## [WHAT IS EXPECTED]
Will you output the entries below exactly, skipping every image they contain?

++++ DATA FOR REVIEW ++++

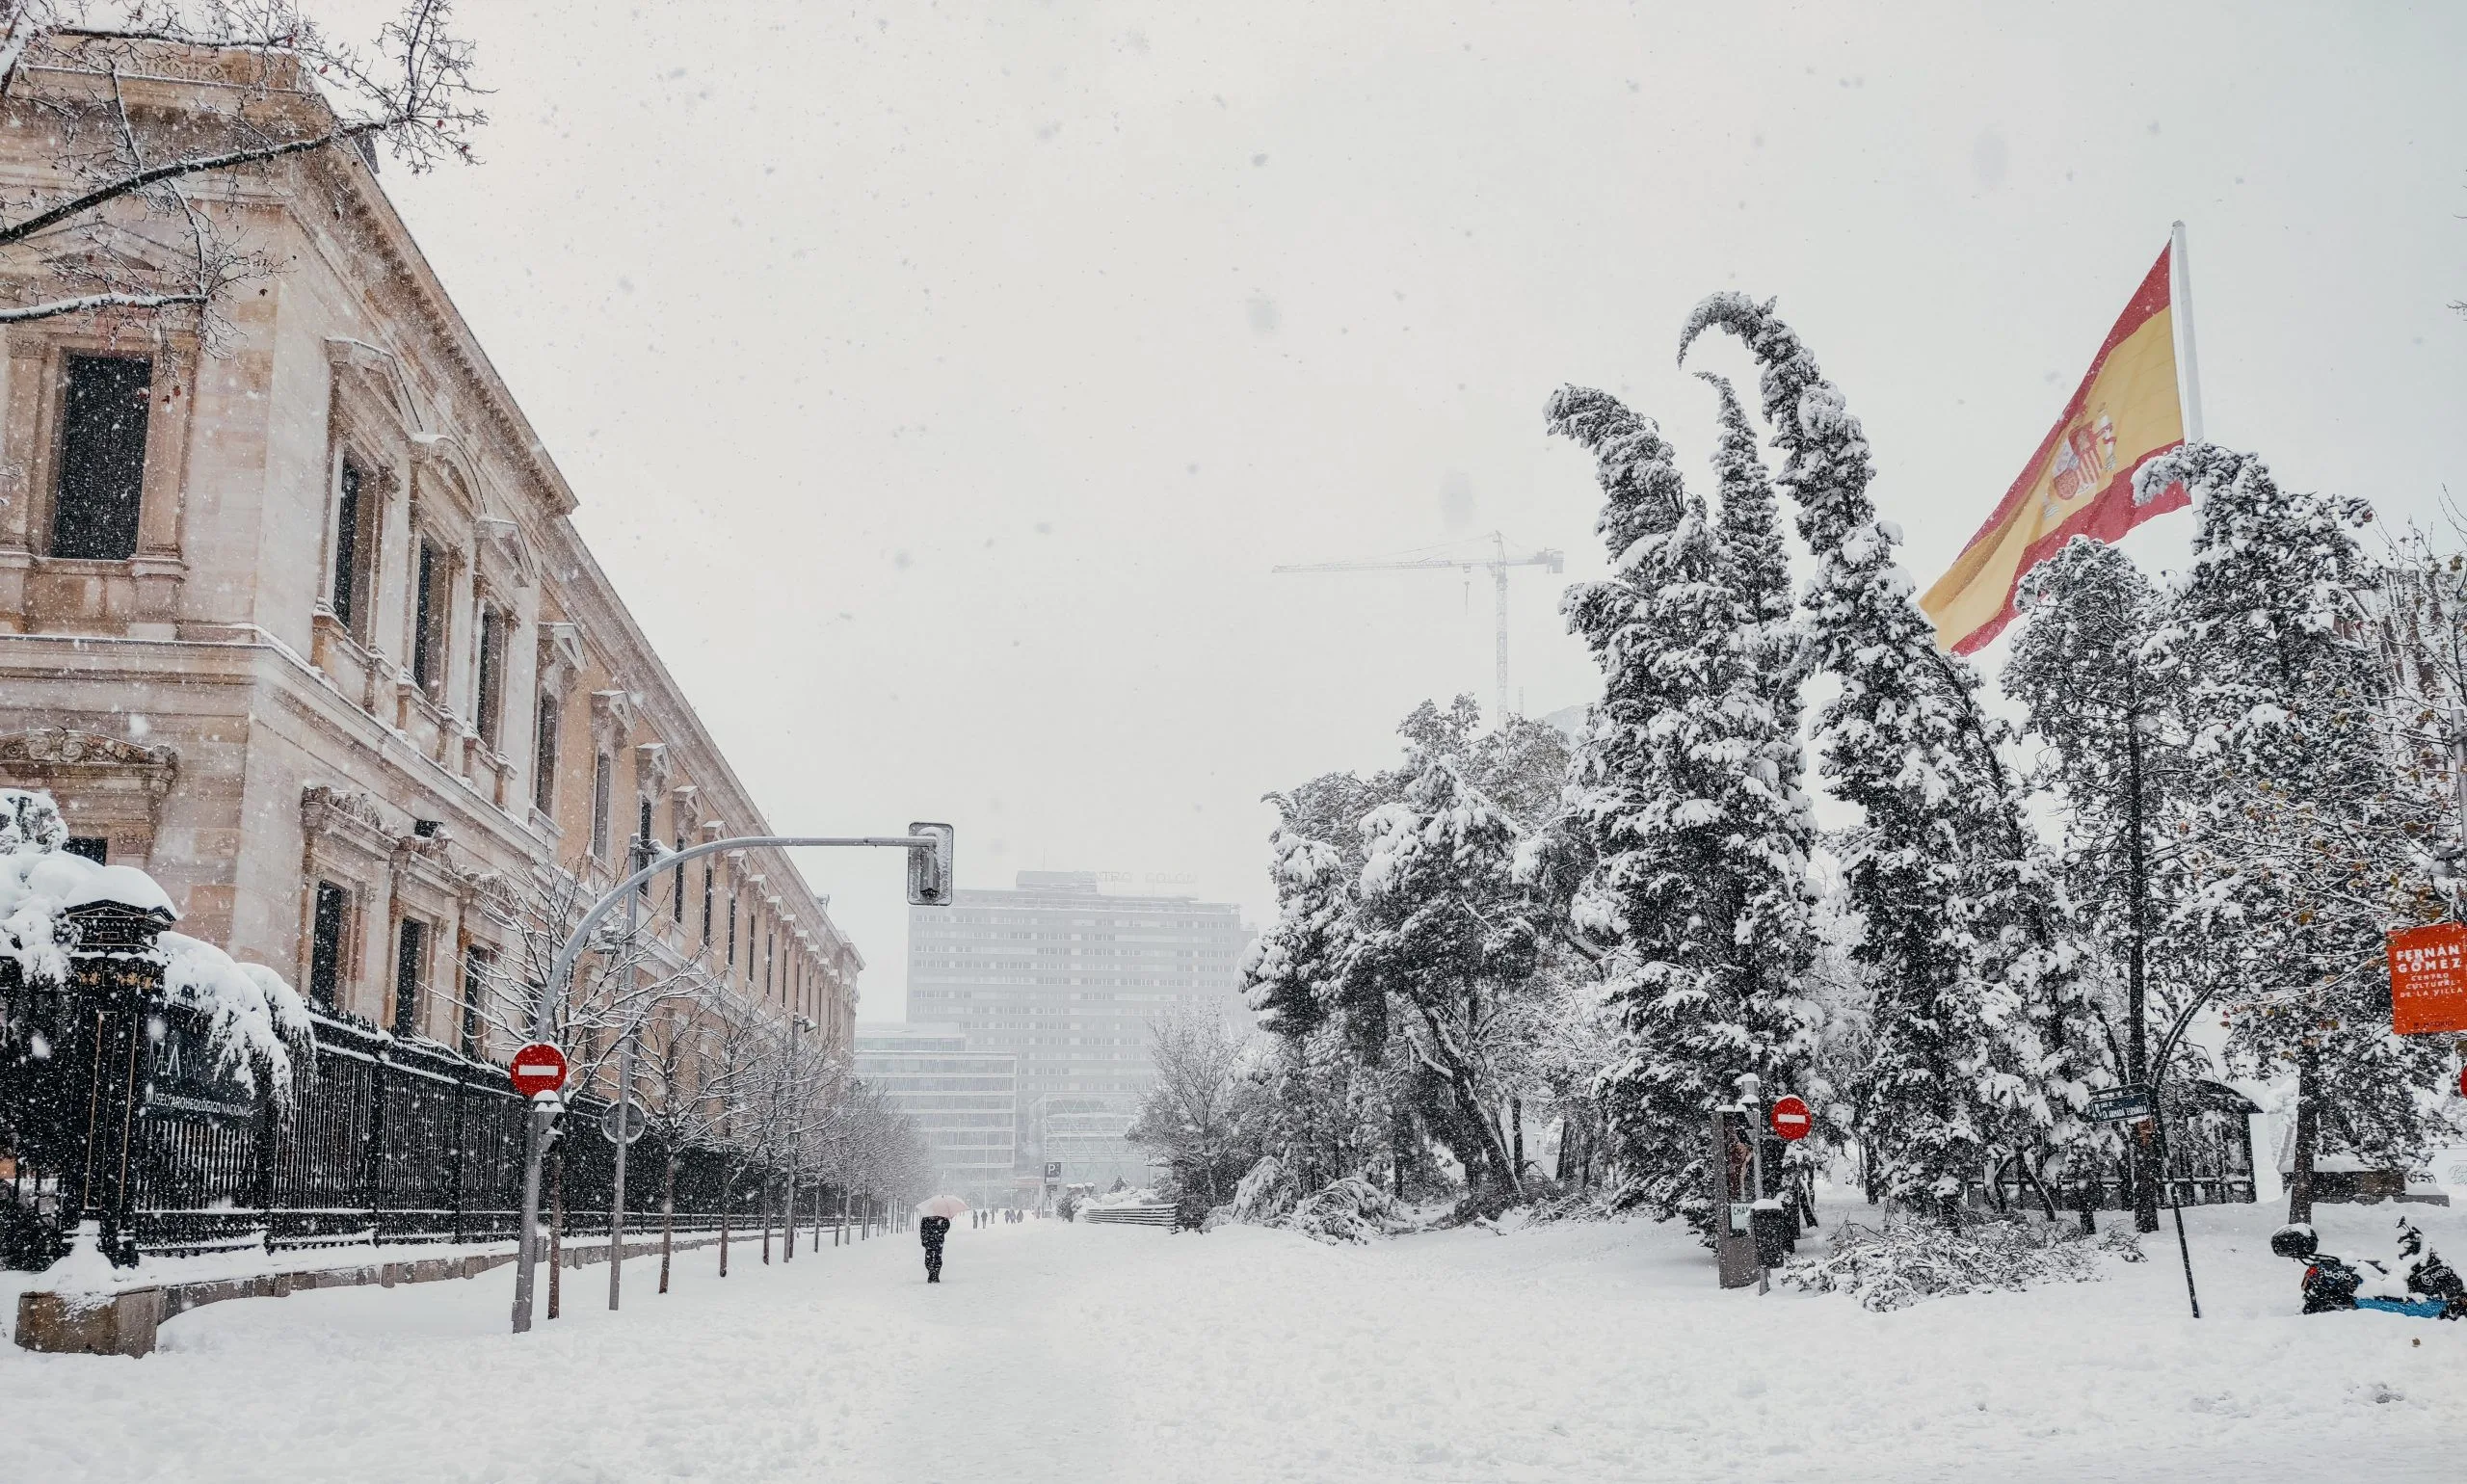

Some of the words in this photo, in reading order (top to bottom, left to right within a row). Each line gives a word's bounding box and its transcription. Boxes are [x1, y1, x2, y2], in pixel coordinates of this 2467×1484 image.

[2406, 980, 2455, 990] CULTURAL
[2434, 988, 2463, 996] VILLA
[145, 1091, 170, 1106] MUSEO
[1048, 1163, 1056, 1175] P
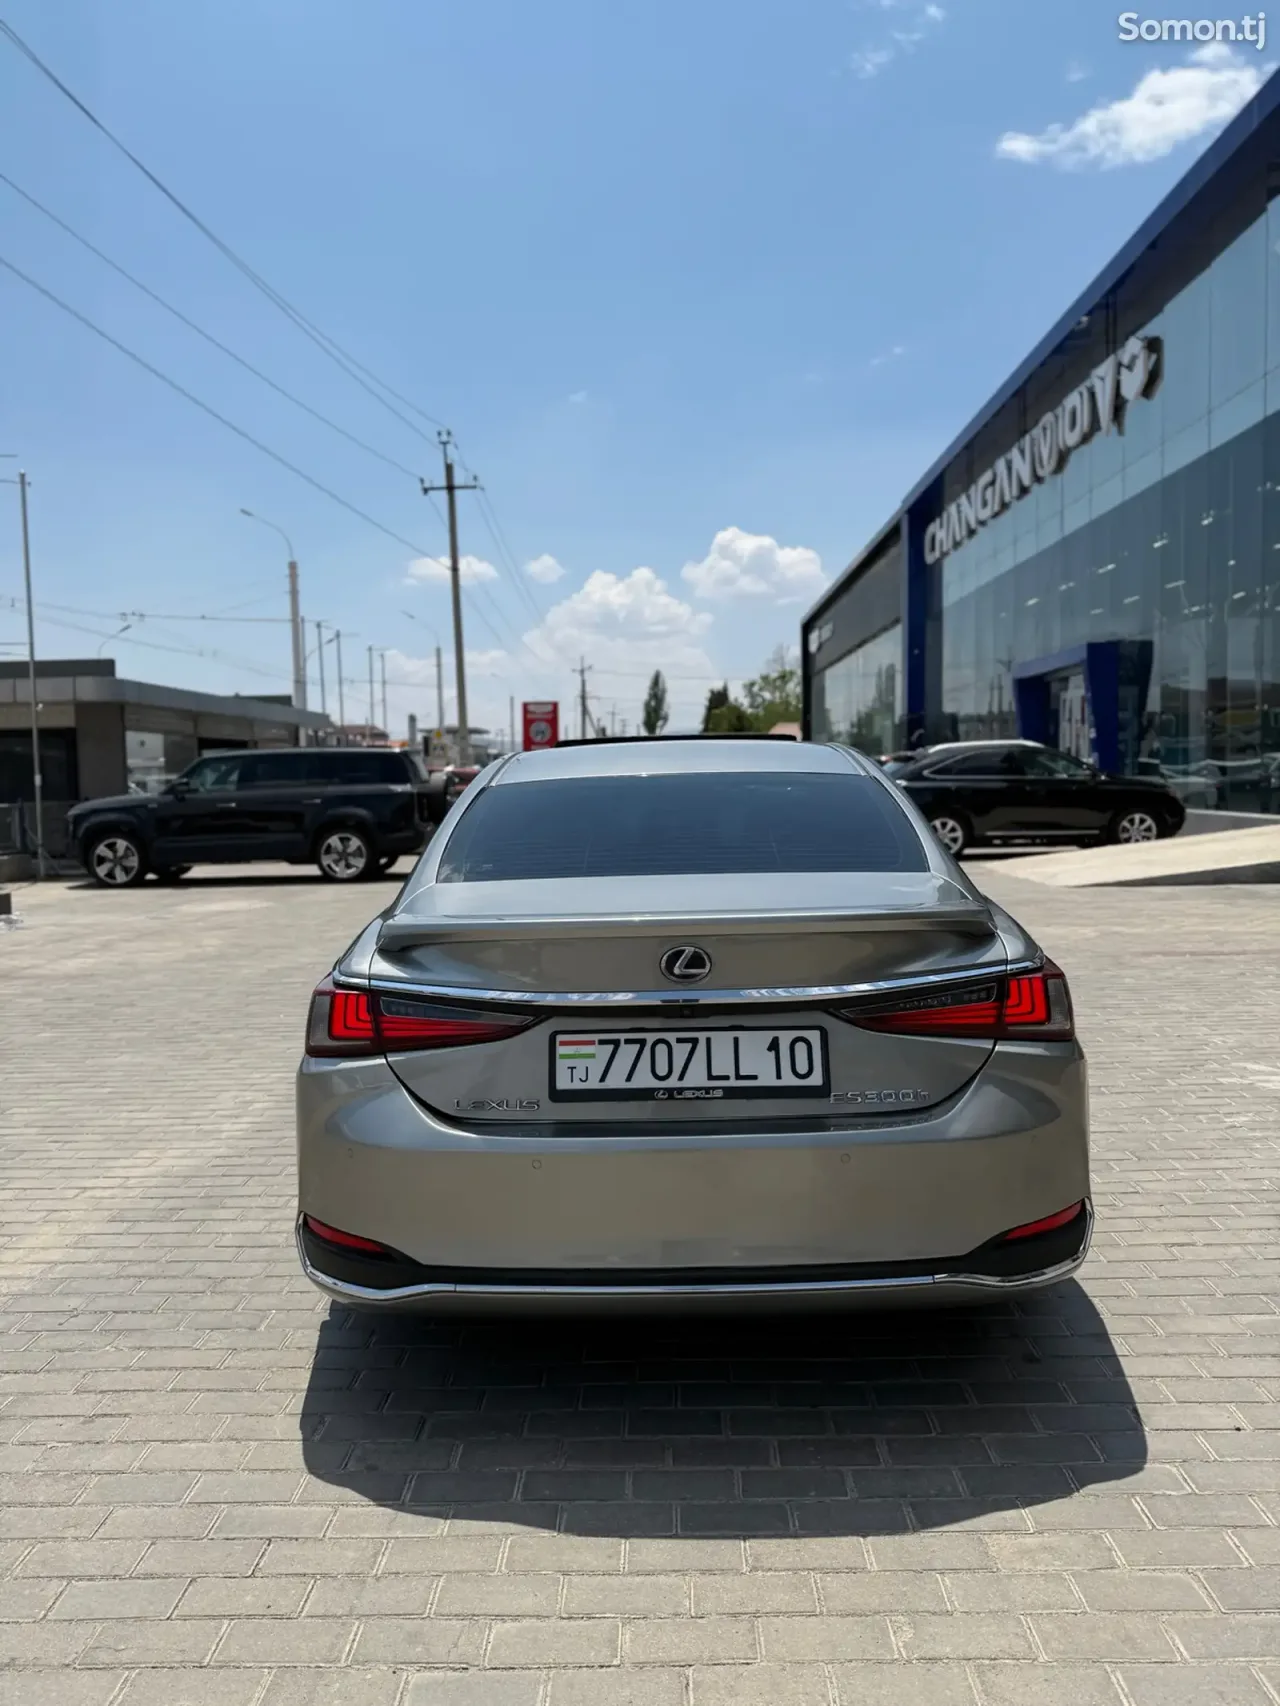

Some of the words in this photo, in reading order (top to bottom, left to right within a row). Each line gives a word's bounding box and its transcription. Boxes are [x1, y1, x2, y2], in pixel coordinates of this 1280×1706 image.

++++

## [ANSWER BELOW]
Some of the words in this photo, in reading order (top to bottom, left to right within a row). Each line gives a word's bounding box and its transcription. Boxes are [x1, y1, x2, y2], in pixel coordinates of this 2467×1484 image.

[2406, 980, 2455, 990] CULTURAL
[2434, 988, 2463, 996] VILLA
[145, 1091, 170, 1106] MUSEO
[1048, 1163, 1056, 1175] P

Some of the words in this photo, in reading order (top to bottom, left to right within a row). Each line gives a word's bounding box and its transcription. Boxes are [x1, y1, x2, y2], in pixel coordinates of this 1280×1706 image.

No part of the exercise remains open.